(Provided data Opens)
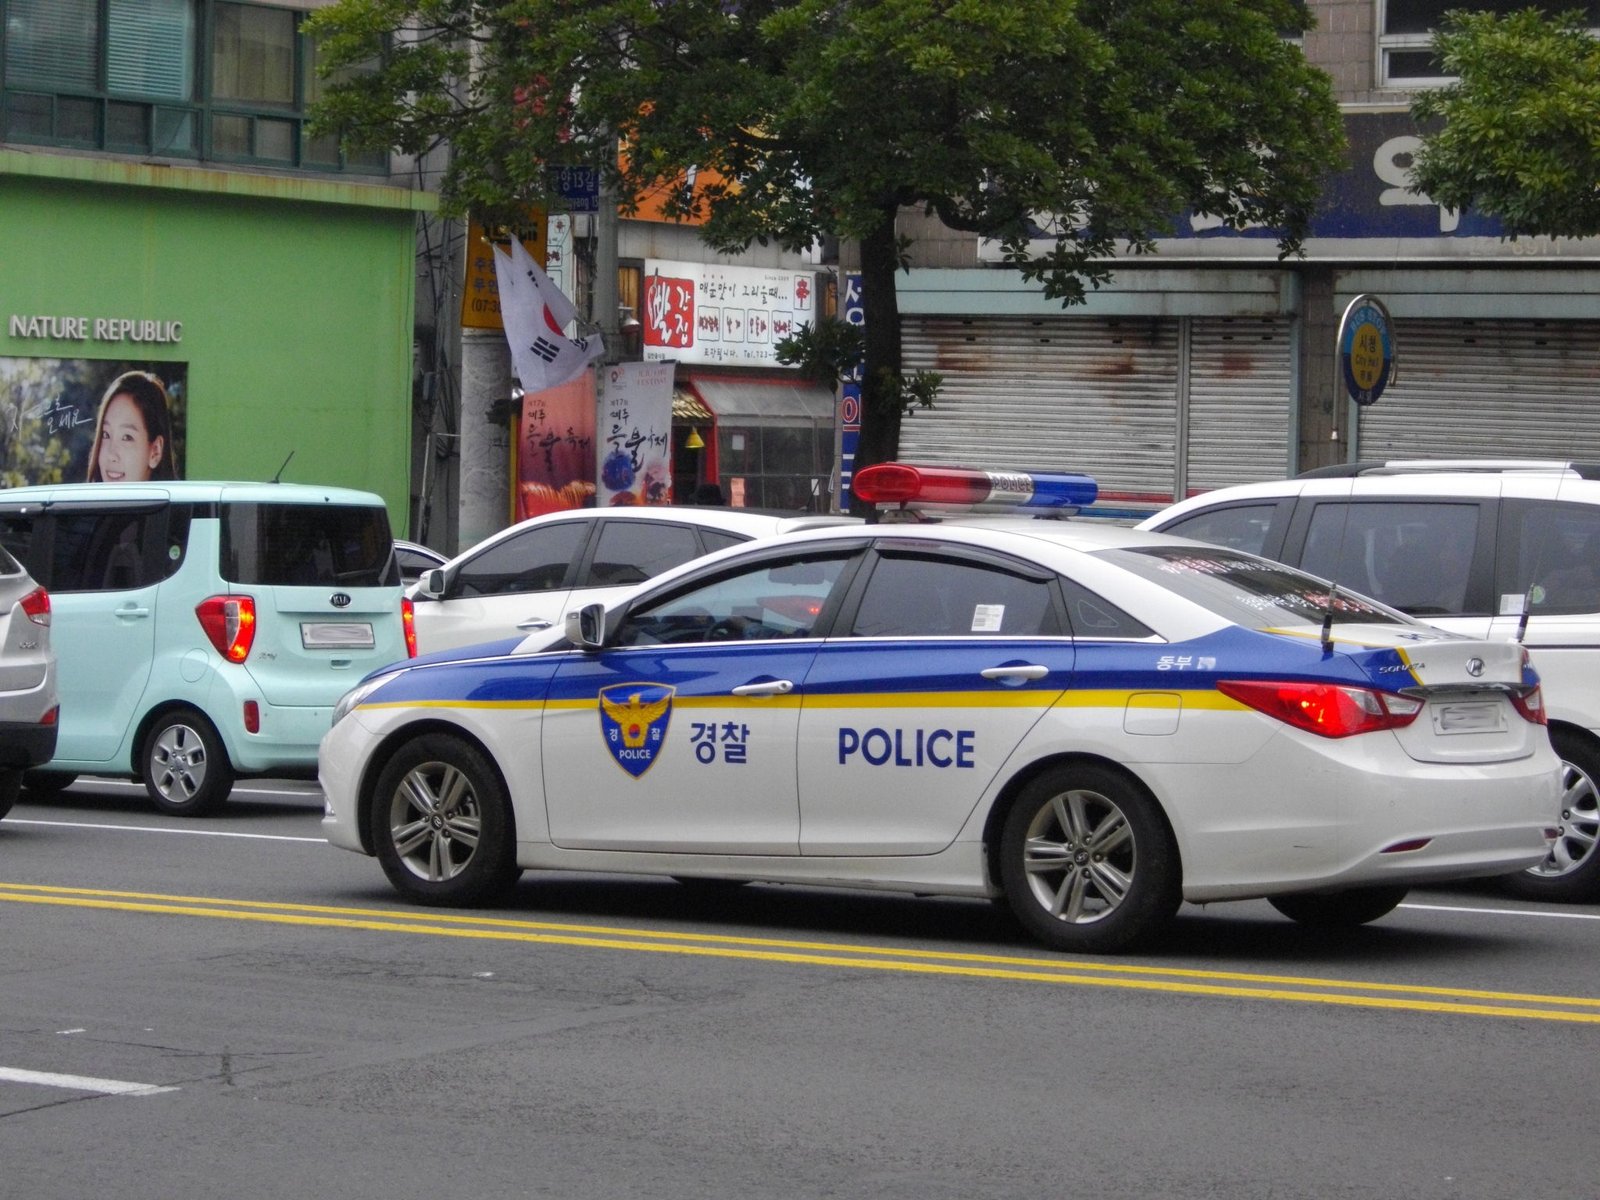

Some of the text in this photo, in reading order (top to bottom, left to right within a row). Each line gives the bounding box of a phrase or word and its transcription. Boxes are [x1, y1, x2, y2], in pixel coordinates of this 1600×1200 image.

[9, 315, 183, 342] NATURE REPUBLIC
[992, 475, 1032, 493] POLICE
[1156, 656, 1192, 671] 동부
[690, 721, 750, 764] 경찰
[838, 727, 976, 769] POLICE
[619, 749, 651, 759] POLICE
(Provided data Closes)
■ **Problem**
Type out all of the records exactly, leaving out any picture.

■ **Finished exercise**
Some of the text in this photo, in reading order (top to bottom, left to right within a row). Each line gives the bounding box of a phrase or word and its transcription. Boxes are [x1, y1, x2, y2], in pixel coordinates of this 1600×1200 image.

[9, 315, 183, 342] NATURE REPUBLIC
[992, 475, 1032, 493] POLICE
[1156, 656, 1192, 671] 동부
[690, 721, 750, 764] 경찰
[838, 727, 976, 769] POLICE
[619, 749, 651, 759] POLICE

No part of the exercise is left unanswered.